Liechtenstein's presence in Hong Kong has strengthened since the late 20th Century. For example, Hilti, a Liechtenstein producer of precision power tools, started business in Hong Kong in 1974. It was followed by the Princely family of Liechtenstein's private bank, LGT, in 1986. As one of the most notable Liechtensteiners in Hong Kong, H.S.H. Hereditary Prince Alois von und zu Liechtenstein, the Hereditary Prince of Liechtenstein, son of H.S.H. Prince Hans-Adam II von und zu Liechtenstein, spent three months in Hong Kong at the end of 1987 and the beginning of 1988 as an officer of the Coldstream Guards during his military career posted by the British Royal Military Academy.

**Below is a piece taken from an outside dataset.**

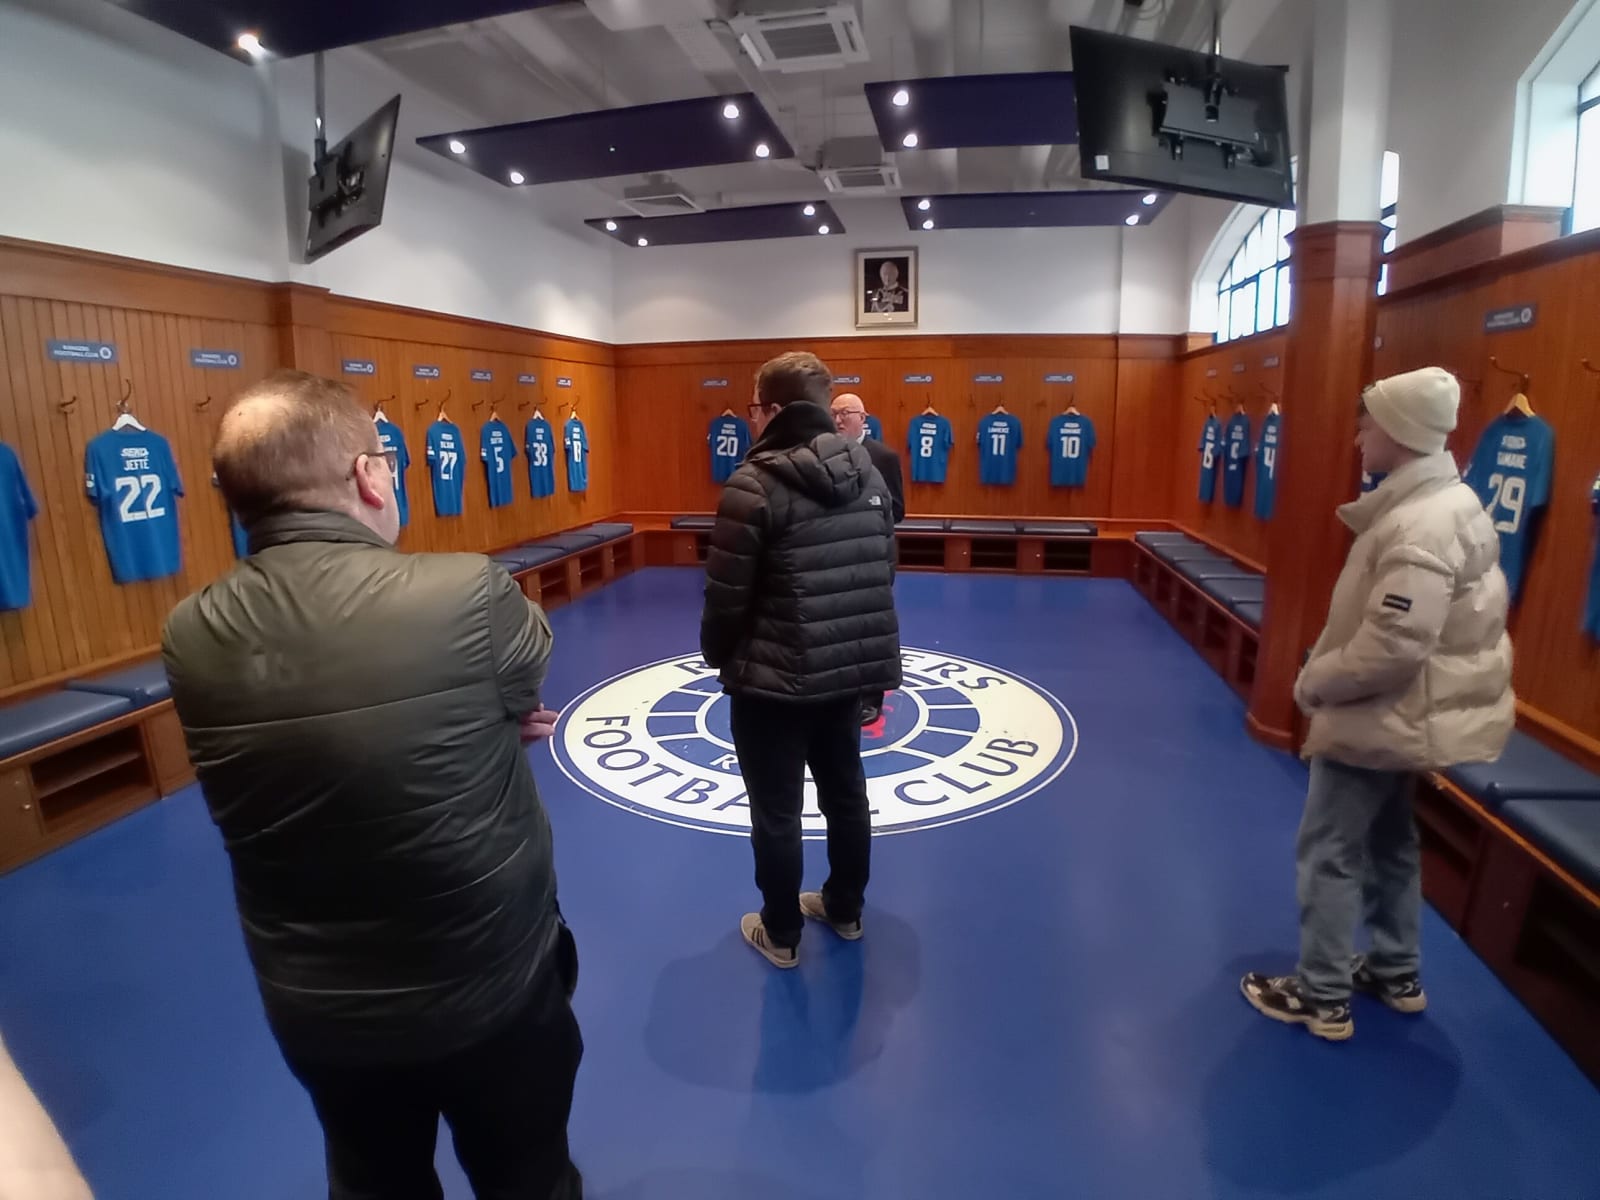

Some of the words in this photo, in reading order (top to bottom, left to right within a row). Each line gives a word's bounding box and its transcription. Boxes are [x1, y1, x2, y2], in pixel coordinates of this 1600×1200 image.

The Liechtenstein Honorary Consulate in Hong Kong was opened in 2013, which according to the government of Liechtenstein, would "allow both countries to deepen their relations, especially in the areas of finance and exports." Liechtenstein does not have any diplomatic representation in Asia. The honorary consulate in Hong Kong is one of the only two Liechtenstein Honorary Consulates in Asia, the other being Singapore.

==Trade and Agreement==
Liechtenstein and Hong Kong maintain well integrated and engaged economic relations. Both Liechtenstein and Hong Kong have been members of the World Trade Organization since 1995. Comprehensive Double Taxation Agreement (CDTA) was signed between Liechtenstein and Hong Kong on 12 August 2010, and enforced on 8 July 2011. The agreement has been written into Hong Kong's ordinance Cap. 112BU Inland Revenue (Double Taxation Relief and Prevention of Fiscal Evasion with respect to Taxes on Income and Capital) (Principality of Liechtenstein) Order ─ Schedule, and applies to taxes on income and on capital imposed on behalf of a contracting party or of its political subdivisions or local authorities. Hong Kong and the member nations of the European Free Trade Association (EFTA), including Liechtenstein, signed a comprehensive Free Trade Agreement on 21 June 2011 in Liechtenstein, which marks an important milestone as the agreement is the first free trade agreement of Hong Kong with any European country. The Agreement covers trade in services, goods, investment, and other related issues such as protection of intellectual property.

==High level visits==
The Special Representative for Hong Kong Economic and Trade Affairs to the European Union, Mary Chow, visited Liechtenstein on 12 August 2010. Acting Secretary for Commerce and Economic Development, Gregory So, visited Schaan, Liechtenstein on 21 June 2011 for the signing of the Free Trade Agreement with EFTA. Foreign Minister of Liechtenstein, Aurelia Frick, visited Hong Kong on 28 June 2013 and met with Hong Kong Secretary of Commerce and Economic Development, Gregory So.